Specifically, she said she was frustrated that while Democrats negotiated the $17 billion transportation infrastructure bill last session, Republicans weren’t invited to the table.
“I am on the (transportation) committee, been on it for five years,” she said. “This is the first year we were not invited to any of the budget meetings.”
If she and other Republicans want to make laws to address the rising cost of living or public safety, they need to take the majority, she said.
“We’ve got people who are fed up with the way things are going these last few years,” she said.
Despite her place in the minority, Eslick said she has been able to pass legislation that she believes will make a difference in the lives of children with mental illnesses and their families.
The bill instructed the state Healthcare Authority to make mental health resources for youths more accessible. She is proud of her bill and hopes she can stay in office to oversee its implementation.
Kathryn Lewandowsky, an independent, is running primarily to shed a light on the need for universal healthcare.
Insurance companies are the biggest beneficiaries of the current medical system, at the expense of patient care, she said.
“There’s just no room for a third party … that just is in place to keep you from the healthcare that you need,” she said.
She’s worked in nursing for 35 years and saw how difficult the pandemic has been on those in health care. Nurses are quitting, and those who stay are buried in bureaucracy. Simplifying health insurance will help the workers and reduce costs, she said.
Lewandowsky is running as an independent because she feels many voters aren’t well represented by the two leading parties.
“The two-party monopoly we have in our government system has not been good for our country,” she said. “It has totally taken us away from what I learned growing up our country is supposed to be.”
She volunteers with the organization Whole Washington and supports its Initiative 1471, which would create both a single-payer health care framework for the state and a transitional plan to get there, she said.
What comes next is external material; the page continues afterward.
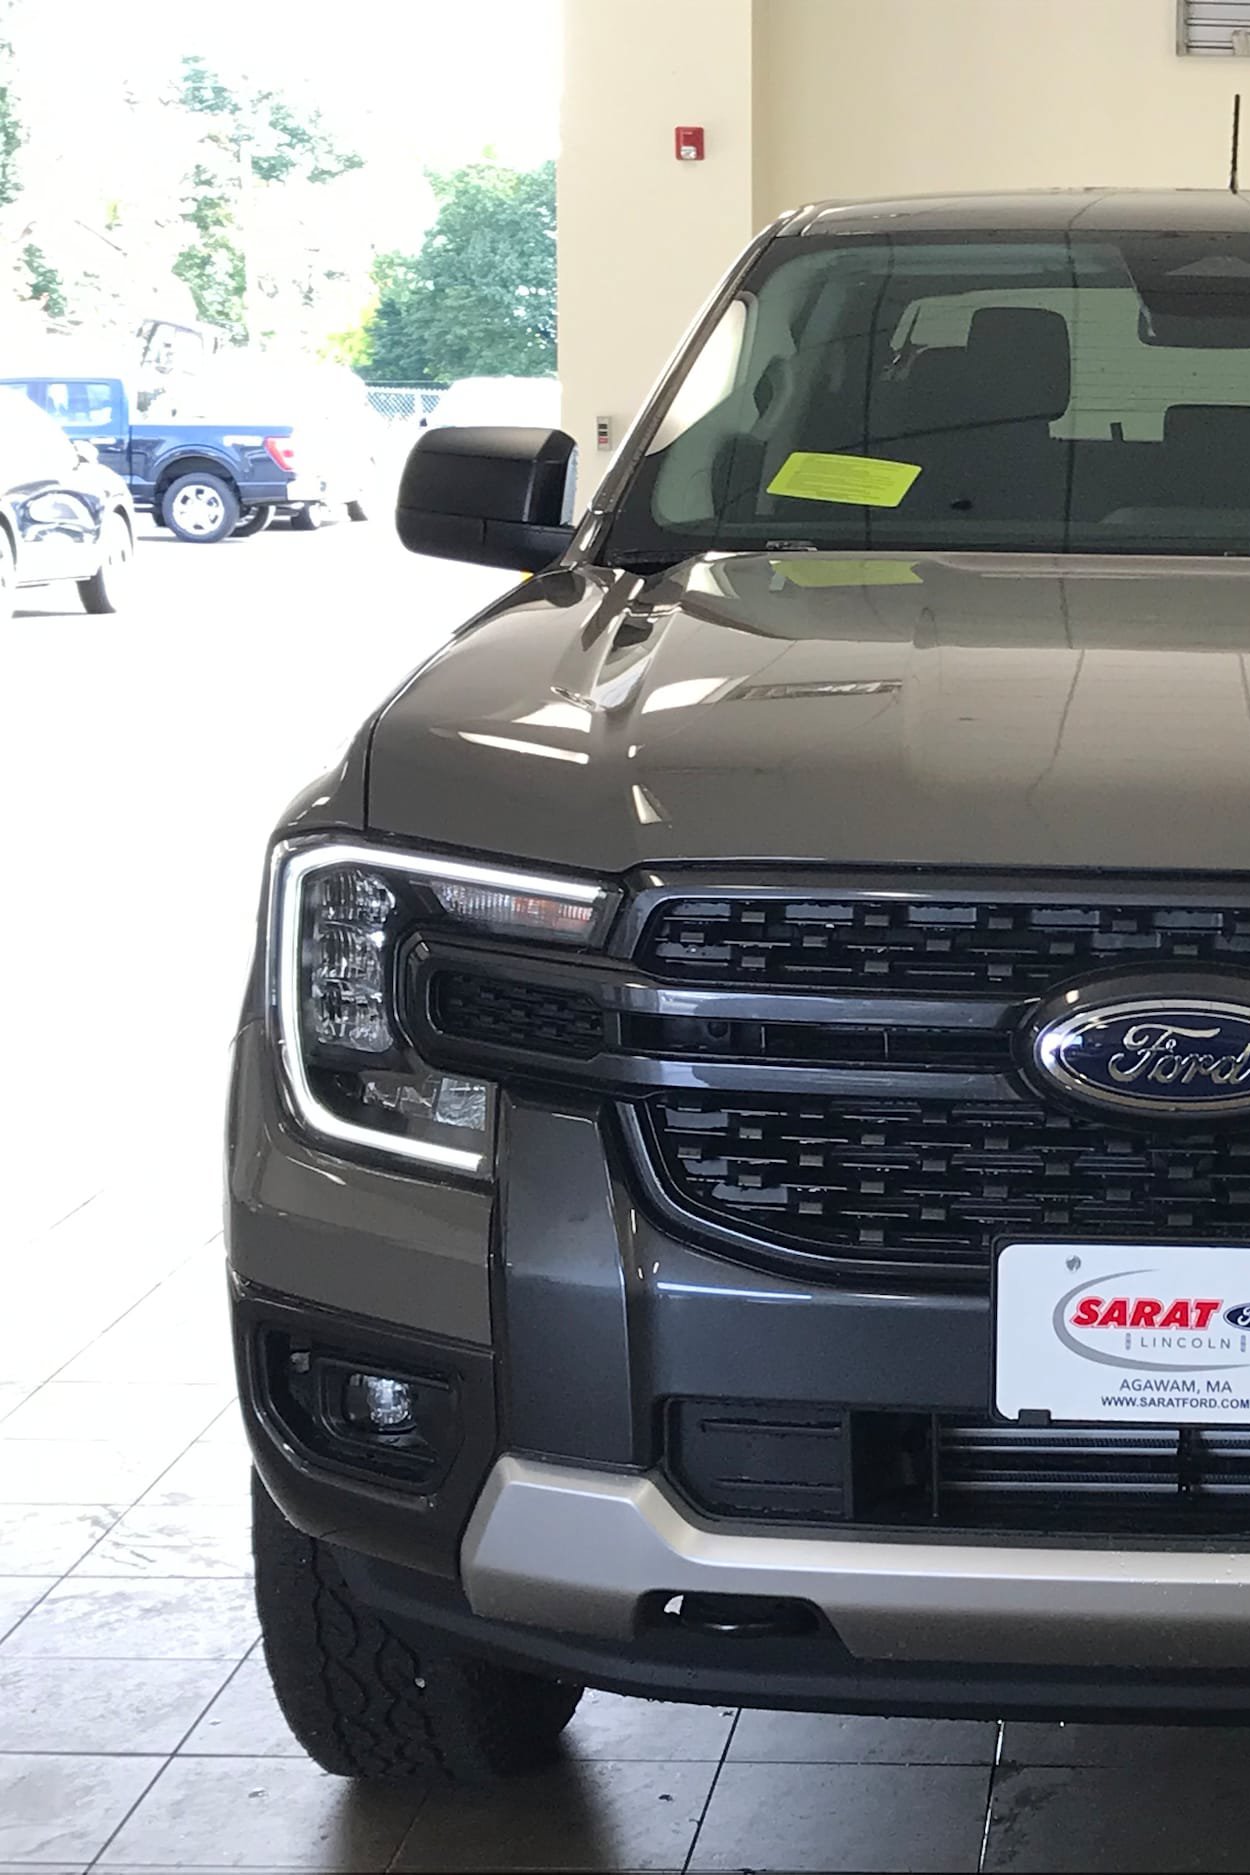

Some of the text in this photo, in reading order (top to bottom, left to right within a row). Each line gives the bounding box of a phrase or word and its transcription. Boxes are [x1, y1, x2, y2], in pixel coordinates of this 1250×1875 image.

She also served as a union negotiator, giving her experience in mediating between opposing sides, she said.
Republican candidate Tyller Boomgaarden was motivated to run to cut out unnecessary and expensive regulations from state government and to talk about root causes rather than bandage fixes, he said.
He is critical of legislation passed in 2021 that put restrictions on law enforcement to address police misconduct. People feel less safe knowing officers can’t engage in a vehicle pursuit or engage with suspects in certain circumstances, he said.
“Washington wants to step in and be as risk-averse as possible, and by being as risk-averse as we are, we’re creating something where the medicine is worse than the disease,” he said.
One of the issues with public safety is that it’s too difficult to hire new officers, he said. If elected, he would work to end a requirement that departments use an unreliable polygraph test in the hiring process and forbid departments from asking applicants to pay a fee.
“I think it’s morally bankrupt, and we need to change it ASAP,” he said.
Boomgaarden, 29, said that unlike most politicians, he is young enough to be affected by the impacts of legislation. Without a diversity of opinion in the decision-making process — including on age — the Legislature does a disserve to taxpayers.
This race is one of two primaries for the 39th district this year. Four candidates are also running for the district’s other seat in the state House of Representatives.